ELROND: Exploring and decomposing intrinsic capabilities of diffusion models
Paweł Skierś, Tomasz Trzciński, Kamil Deja
TL;DR
ELROND tackles the opacity of diffusion-model outputs by uncovering intrinsic semantic directions directly in the text-embedding space. By backpropagating the differences between stochastic realizations of the same prompt, and decomposing the resulting gradient set with PCA or Sparse Autoencoders, it yields steerable, token-specific directions for precise control and composition. The method also demonstrates mitigation of mode collapse in distilled models through reintroduction of diversity and introduces a Local Intrinsic Dimensionality (LID) based estimator to quantify concept complexity. The results show token-level composability, improved diversity, and a geometry-grounded framework for unsupervised interpretability in diffusion models.

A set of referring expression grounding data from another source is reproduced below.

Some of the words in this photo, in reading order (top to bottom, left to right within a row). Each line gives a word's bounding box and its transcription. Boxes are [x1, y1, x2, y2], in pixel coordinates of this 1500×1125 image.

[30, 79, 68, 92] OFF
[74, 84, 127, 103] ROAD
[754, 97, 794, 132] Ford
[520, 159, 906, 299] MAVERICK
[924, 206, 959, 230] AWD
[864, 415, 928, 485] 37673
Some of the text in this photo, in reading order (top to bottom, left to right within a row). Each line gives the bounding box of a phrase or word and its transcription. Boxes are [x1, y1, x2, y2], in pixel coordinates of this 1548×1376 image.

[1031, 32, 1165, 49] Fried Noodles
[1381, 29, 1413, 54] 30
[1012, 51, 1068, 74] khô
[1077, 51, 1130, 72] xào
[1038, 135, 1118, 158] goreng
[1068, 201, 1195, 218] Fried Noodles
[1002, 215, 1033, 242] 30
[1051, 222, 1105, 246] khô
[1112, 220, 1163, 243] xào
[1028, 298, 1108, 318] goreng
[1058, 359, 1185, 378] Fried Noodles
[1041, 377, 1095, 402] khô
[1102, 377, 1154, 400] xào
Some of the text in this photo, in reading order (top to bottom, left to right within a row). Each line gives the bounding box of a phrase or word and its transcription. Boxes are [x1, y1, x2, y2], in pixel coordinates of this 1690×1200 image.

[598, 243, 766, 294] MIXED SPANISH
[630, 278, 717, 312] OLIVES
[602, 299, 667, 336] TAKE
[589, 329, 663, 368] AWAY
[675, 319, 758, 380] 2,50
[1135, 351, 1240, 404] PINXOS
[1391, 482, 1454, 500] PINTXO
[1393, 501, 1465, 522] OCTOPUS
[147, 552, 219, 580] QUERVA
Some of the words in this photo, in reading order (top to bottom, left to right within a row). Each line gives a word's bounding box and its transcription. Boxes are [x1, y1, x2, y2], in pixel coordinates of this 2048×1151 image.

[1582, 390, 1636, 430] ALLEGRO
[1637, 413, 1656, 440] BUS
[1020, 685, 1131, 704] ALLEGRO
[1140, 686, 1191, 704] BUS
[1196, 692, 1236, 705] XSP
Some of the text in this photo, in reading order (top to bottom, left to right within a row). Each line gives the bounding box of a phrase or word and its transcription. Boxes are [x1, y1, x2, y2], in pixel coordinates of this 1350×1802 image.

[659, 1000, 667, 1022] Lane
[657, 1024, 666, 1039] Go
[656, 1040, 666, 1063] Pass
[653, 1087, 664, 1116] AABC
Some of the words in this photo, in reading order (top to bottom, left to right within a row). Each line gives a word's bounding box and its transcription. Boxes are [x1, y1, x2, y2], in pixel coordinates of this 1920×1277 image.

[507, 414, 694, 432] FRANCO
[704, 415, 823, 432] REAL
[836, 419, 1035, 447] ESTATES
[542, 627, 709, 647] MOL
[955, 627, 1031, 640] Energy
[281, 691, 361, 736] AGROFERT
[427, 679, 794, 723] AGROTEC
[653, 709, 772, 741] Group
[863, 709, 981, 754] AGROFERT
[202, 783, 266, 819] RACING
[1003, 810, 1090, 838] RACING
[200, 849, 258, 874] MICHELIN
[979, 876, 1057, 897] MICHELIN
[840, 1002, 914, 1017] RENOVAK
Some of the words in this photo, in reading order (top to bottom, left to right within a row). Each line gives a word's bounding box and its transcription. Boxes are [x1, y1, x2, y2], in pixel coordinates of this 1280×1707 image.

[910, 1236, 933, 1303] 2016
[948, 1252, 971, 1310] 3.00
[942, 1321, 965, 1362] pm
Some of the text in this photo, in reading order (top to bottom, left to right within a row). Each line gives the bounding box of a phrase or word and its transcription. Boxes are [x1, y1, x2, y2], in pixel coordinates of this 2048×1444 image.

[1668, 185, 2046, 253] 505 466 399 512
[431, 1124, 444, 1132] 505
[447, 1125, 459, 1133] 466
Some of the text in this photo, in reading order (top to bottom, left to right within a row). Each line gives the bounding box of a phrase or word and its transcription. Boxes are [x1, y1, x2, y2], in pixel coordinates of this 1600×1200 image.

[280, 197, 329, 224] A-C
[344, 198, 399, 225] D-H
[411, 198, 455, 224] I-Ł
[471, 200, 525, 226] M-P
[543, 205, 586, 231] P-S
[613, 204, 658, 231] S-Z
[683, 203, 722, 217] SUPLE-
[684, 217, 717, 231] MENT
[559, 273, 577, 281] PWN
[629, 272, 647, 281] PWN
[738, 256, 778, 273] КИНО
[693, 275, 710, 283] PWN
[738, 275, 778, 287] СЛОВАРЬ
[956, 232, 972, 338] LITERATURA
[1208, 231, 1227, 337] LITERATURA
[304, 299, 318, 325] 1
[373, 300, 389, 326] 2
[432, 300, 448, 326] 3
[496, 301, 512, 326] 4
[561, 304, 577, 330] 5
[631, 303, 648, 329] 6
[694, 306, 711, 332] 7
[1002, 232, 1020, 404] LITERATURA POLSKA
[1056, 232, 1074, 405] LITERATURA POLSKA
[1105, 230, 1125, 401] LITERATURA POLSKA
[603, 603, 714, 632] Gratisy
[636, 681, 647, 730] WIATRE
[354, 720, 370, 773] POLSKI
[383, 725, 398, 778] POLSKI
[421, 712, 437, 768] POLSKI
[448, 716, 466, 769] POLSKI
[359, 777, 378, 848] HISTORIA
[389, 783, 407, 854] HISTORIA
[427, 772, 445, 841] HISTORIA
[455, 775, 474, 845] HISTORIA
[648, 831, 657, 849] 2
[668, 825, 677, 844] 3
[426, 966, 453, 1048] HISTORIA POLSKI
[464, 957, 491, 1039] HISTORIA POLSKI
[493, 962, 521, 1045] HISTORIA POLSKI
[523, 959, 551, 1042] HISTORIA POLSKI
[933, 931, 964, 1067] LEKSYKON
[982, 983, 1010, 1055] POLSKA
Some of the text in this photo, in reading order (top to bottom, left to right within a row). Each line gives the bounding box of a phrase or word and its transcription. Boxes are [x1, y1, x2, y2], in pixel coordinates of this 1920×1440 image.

This approach could enhance controllability and analysis of generative models in practical applications.
Abstract
A single text prompt passed to a diffusion model often yields a wide range of visual outputs determined solely by stochastic process, leaving users with no direct control over which specific semantic variations appear in the image. While existing unsupervised methods attempt to analyze these variations via output features, they omit the underlying generative process. In this work, we propose a framework to disentangle these semantic directions directly within the input embedding space. To that end, we collect a set of gradients obtained by backpropagating the differences between stochastic realizations of a fixed prompt that we later decompose into meaningful steering directions with either Principal Components Analysis or Sparse Autoencoder. Our approach yields three key contributions: (1) it isolates interpretable, steerable directions for precise, fine-grained control over a single concept; (2) it effectively mitigates mode collapse in distilled models by reintroducing lost diversity; and (3) it establishes a novel estimator for concept complexity under a specific model, based on the dimensionality of the discovered subspace.